Ben, haziran ayından, daha ligler başlamadan, hatta daha Pereira gelmeden beş-altı ay sonra olacakları “tam isabet” yorumlayan bir başka yazı görmedim.
Pabuç pahalı
Beşiktaş kalecisi Tolga, kupadaki Buca maçında bu sezonun en iyi performanslarından birini ortaya koydu... Belli ki Boyko’nun gelişi ile birlikte “pabucun pahalı” olduğunu anlamış. Ama bu Boyko için de geçerli... Boyko da Buca maçındaki Tolga’yı görünce Beşiktaş kalesine geçmenin “çantada keklik” olmadığını çok iyi anlamıştır. Bu yarışta Tolga mı kazanır, Boyko mu kazanır bilemem ama Beşiktaş’ın kazandığı apaçık ortada...
Kartal’a iki stoper gelince
Beşiktaş, bir stoper almak için kılı kırk yararken, iki stoper birden aldı. Bu durumda Ersan Gülüm’ün Çin işi halen gündemde mi acaba? Çin’de transferin halen devam ettiği unutulmasın... Ya da sezon sonu için “ne olur ne olmaz” önlemi mi?
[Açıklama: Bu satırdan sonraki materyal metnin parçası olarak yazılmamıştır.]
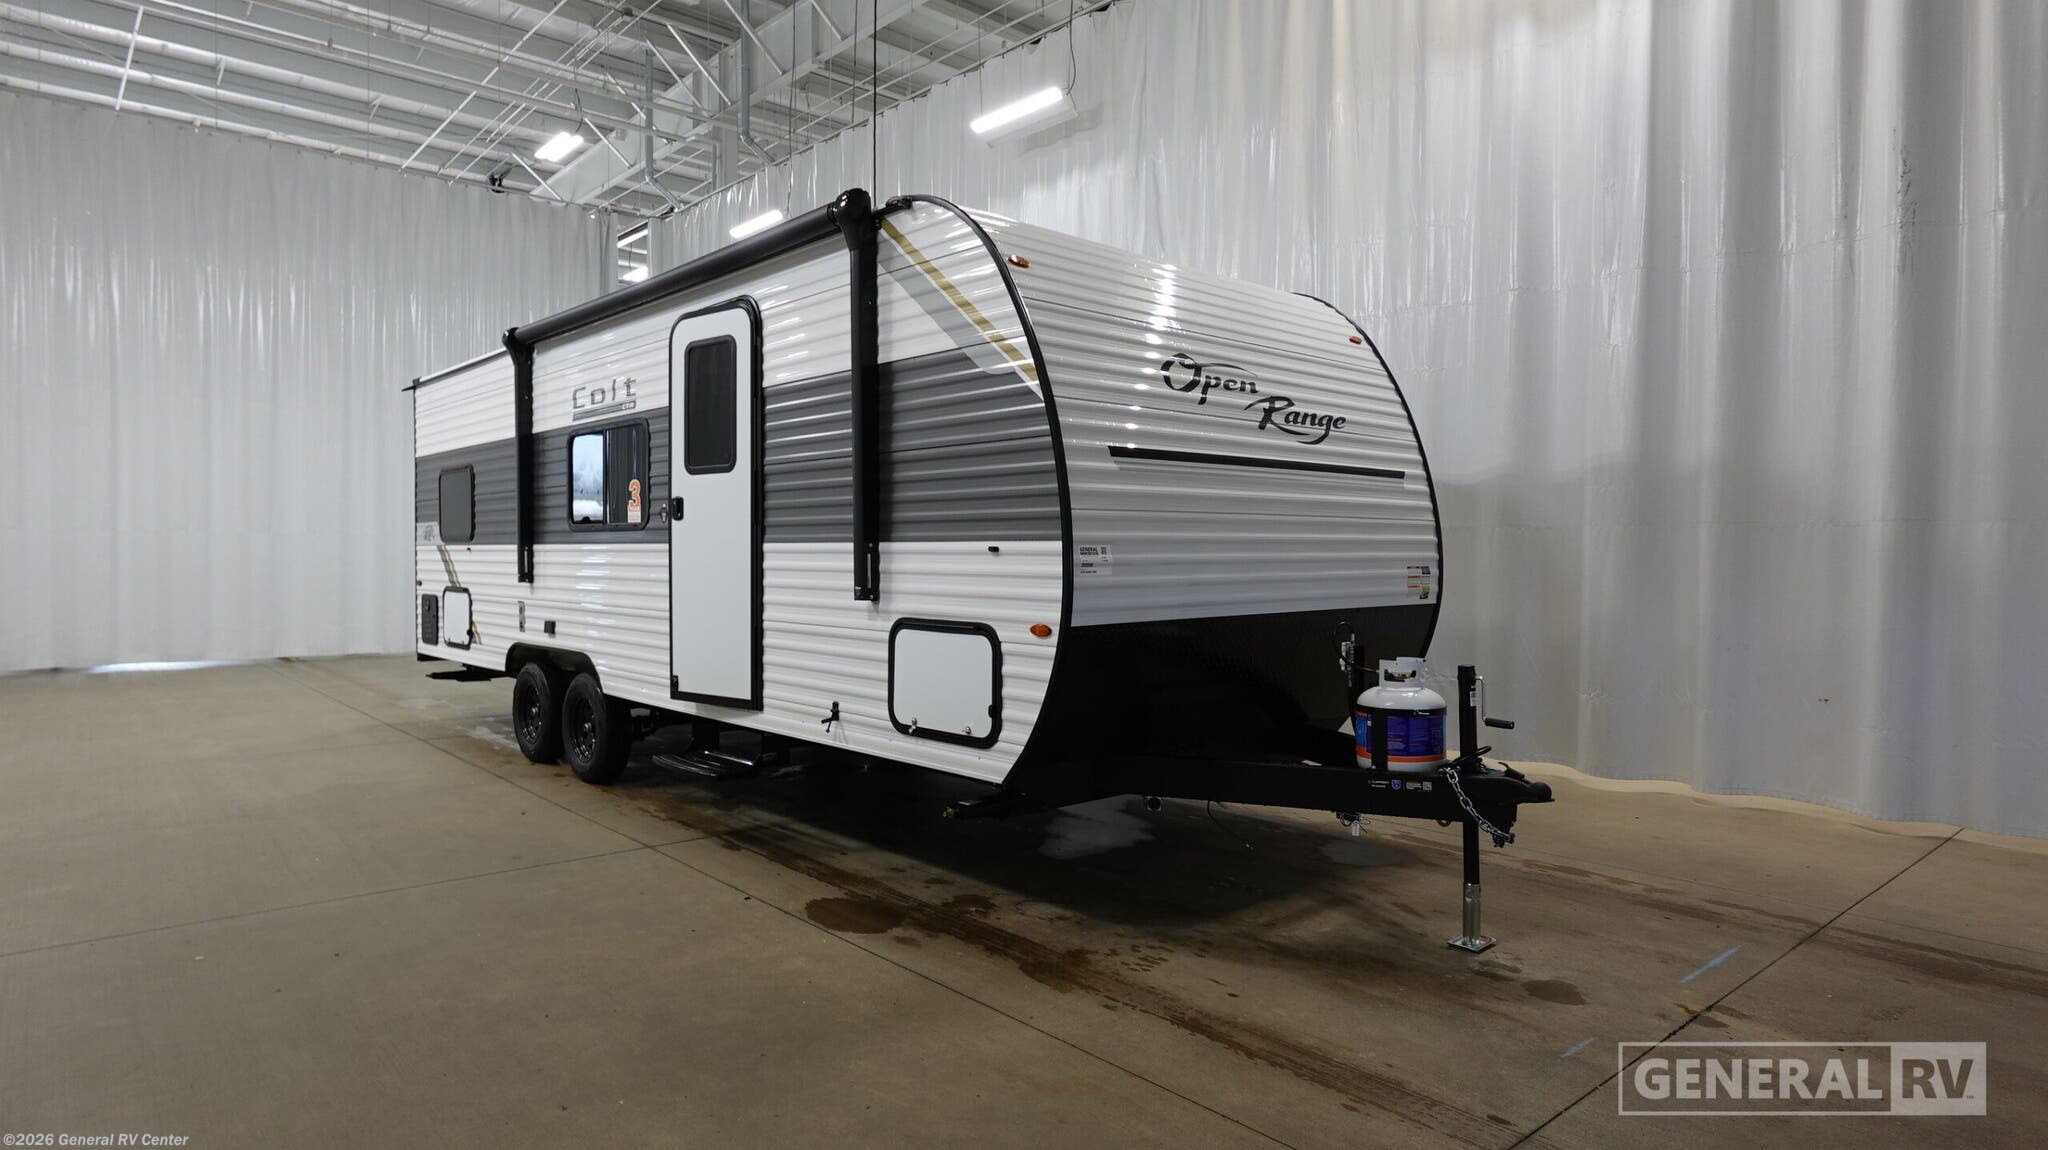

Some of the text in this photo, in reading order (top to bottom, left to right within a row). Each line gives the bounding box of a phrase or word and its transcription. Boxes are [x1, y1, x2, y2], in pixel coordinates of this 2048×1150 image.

[573, 378, 636, 409] Colt
[1161, 353, 1259, 405] Open
[1244, 396, 1347, 444] Range
[628, 479, 640, 508] 3
Ne olursa olsun, isterse bu ihtimallerden hiçbiri olmasın, şampiyonluğa oynayan bir takımın kadrosunda dört stoperinin olması ciddi bir avantaj... (Bu yazı transfer gerçekleşmeden önce yazılmıştır).
20 milyon iyi para
Fenerbahçeli Nani için Çin’den gelen 20 milyon euroluk bonservis bedeli gerçekten iyi para... Futbolcu satmaktaki becerisini bildiğimiz Aziz Yıldırım’ın elinde o iş 25 milyon euroyu da bulurdu... Ama Fenerbahçe buna rağmen vermedi. Nani, Fenerbahçe Yönetimi’nin ve camiasının kendisine beslediği güveni, verdiği değeri iyi anlamalı ve karşılığını vermeli...
İçimizdeki Akhisarlılar
Akhisar, Avni Aker’de Trabzonspor’u, kadrosunda çoğunlukta olan ve geçmişte Trabzonspor forması giyen oyuncularla eledi.
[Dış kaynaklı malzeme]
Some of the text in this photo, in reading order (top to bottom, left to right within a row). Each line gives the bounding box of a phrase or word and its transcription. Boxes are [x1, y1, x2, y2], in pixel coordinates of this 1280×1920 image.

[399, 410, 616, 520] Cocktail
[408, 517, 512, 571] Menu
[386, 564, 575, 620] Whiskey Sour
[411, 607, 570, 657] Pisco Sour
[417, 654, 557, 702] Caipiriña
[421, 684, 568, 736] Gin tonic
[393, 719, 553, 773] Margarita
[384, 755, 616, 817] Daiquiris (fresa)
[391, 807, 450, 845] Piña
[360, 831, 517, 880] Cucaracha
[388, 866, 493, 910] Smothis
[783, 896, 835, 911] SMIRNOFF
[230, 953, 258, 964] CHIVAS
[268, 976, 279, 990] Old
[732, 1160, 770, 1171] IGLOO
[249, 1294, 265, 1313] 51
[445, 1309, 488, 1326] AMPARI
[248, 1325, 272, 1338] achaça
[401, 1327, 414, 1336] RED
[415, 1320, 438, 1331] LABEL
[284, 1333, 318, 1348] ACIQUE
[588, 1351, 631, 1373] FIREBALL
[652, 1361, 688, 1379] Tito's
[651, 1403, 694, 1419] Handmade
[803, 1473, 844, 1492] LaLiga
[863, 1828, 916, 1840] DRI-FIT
Kaleci Fatih, stoper Caner, solda Kadir Keleş, üç gün önce Trabzonspor’dan Akhisar’a transfer olan Soner... Trabzonspor bu sonuçtan sonra şunu görmeli: Takım olursan her oyuncundan yararlanırsın, takım olamazsan, kimi alsan toparlanamazsın...
Kurtar bizi baba
Tribünlerde seyirci yok... Zeminler berbat... Kulüpler borçtan batıyor... Alt yapılardan tek oyuncu gelmiyor... Avrupa’nın en sert, en faullü ligini oynuyoruz. Devlet, “Battım” diye feryat eden ve “Kurtar bizi” diye kapısına dayanan kulüpler için çare arıyor.
Yayıncı bir reklam filmi çekmek istiyor, bazı kulüpler tek bir oyuncusunu bile göndermekte zorluk çıkarıyor.
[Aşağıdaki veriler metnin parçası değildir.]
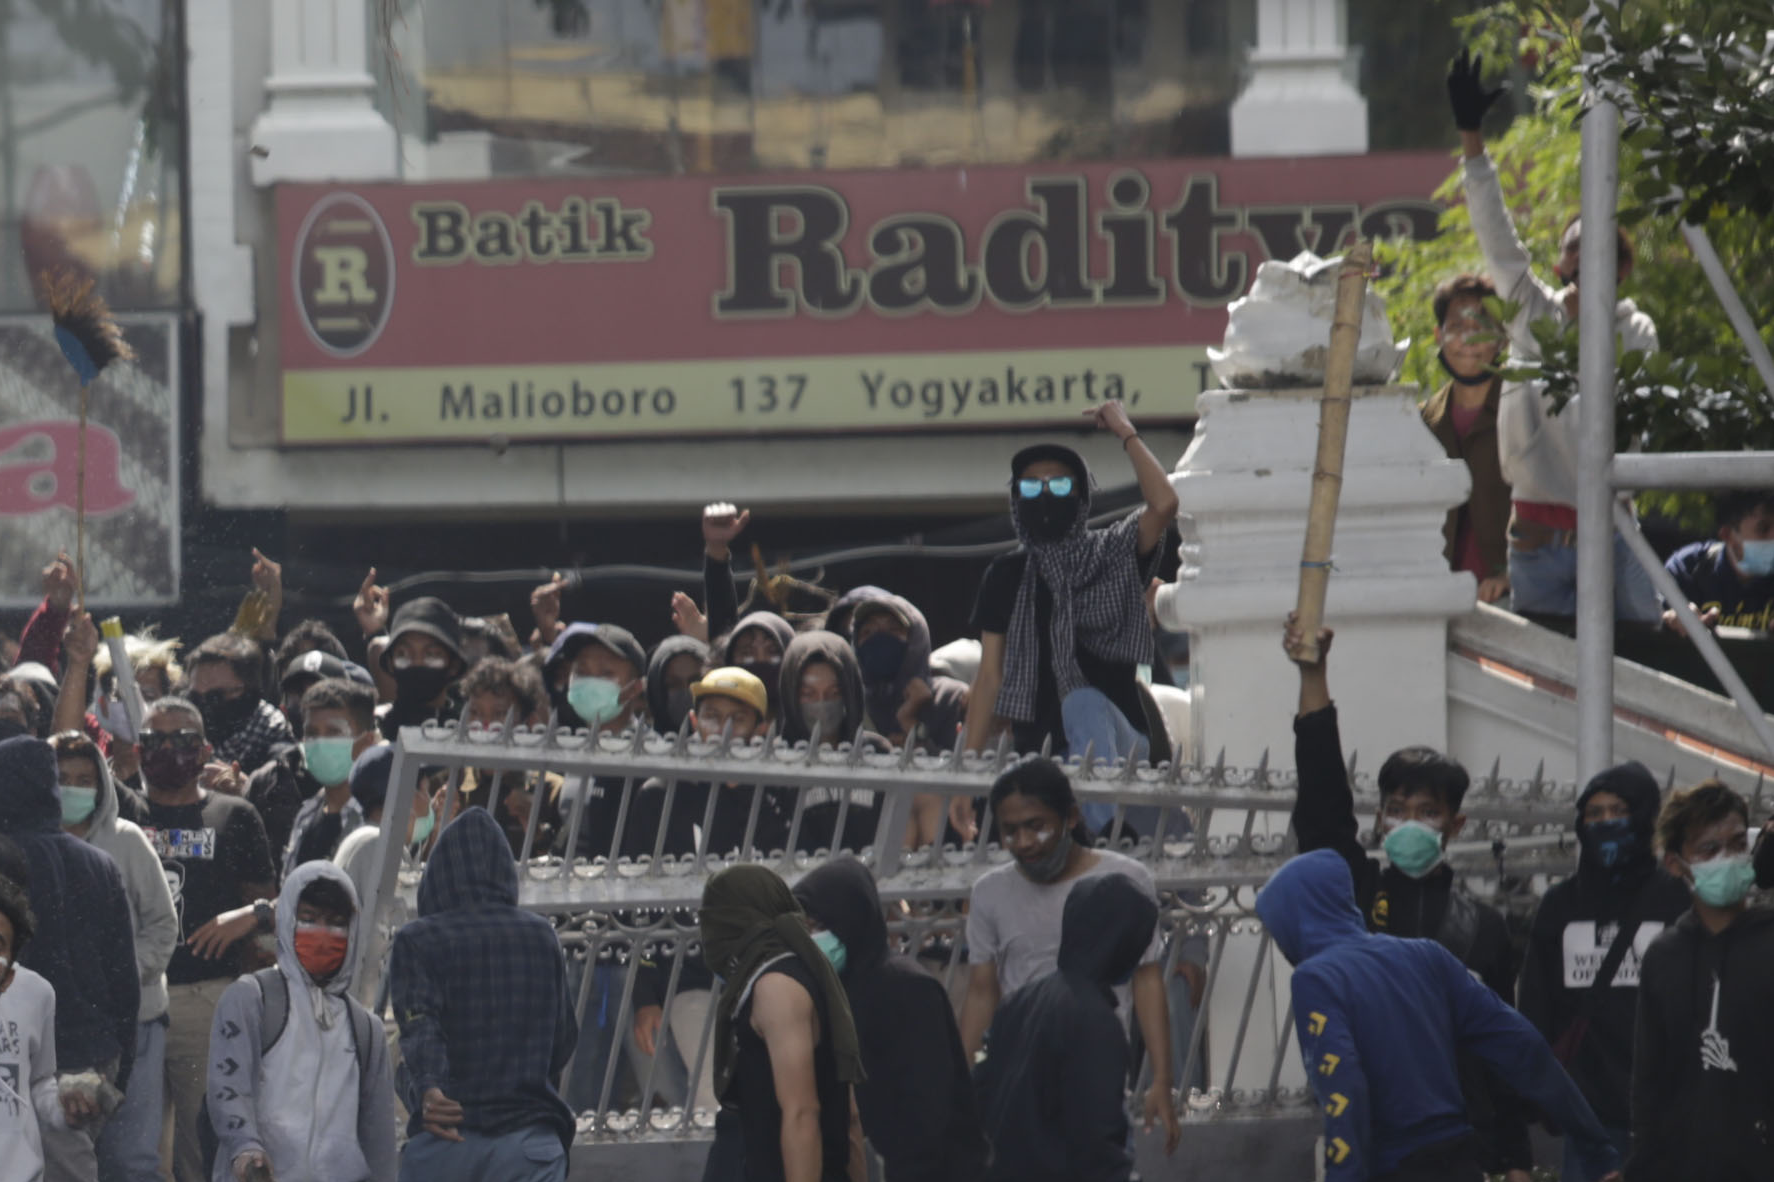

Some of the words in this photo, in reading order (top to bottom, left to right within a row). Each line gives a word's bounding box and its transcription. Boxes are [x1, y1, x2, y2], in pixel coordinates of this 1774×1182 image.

[412, 195, 654, 266] Batik
[313, 246, 376, 305] R
[340, 386, 391, 425] Jl.
[439, 379, 677, 422] Malioboro
[728, 374, 810, 415] 137
[859, 365, 1142, 419] Yogyakarta,
Futbol anlayışının böylesine iflas ettiği, futbolun bu kadar battığı bir ortamda, bırakın futbol ihalesinde gelirleri yükseltmeyi, dua edin de bu anlayışınızla yayıncı da batmasın...
Başkanlar nerede?
Kulüpler Birliği’nin ev sahipliğini yaptığı futbol zirvesine birbirinden önemli konuklar geldi. Her fırsatta örnek aldığımız Premier Lig’in en aktif, en etkili isimleri konuştu. Zirvenin sabah oturumuna baktım, eksik bile olsalar Süper Lig’in başkanları oradaydı...
Öğleden sonraki oturumlara baktım, dört başkan kalmış. Birisi ev sahibi olarak Kulüpler Birliği Başkanı ve Başakşehirspor Kulübü Başkanı, diğer üçü de vakıfta başkan vekilliği görevini sürdüren Sivasspor, Antalyaspor ve Eskişehirspor başkanları... Yani ev sahipleri...
Ortak menfaat bile kulüpleri bir arada tutamıyorsa bu Sportif AŞ nasıl olacak merak ediyorum?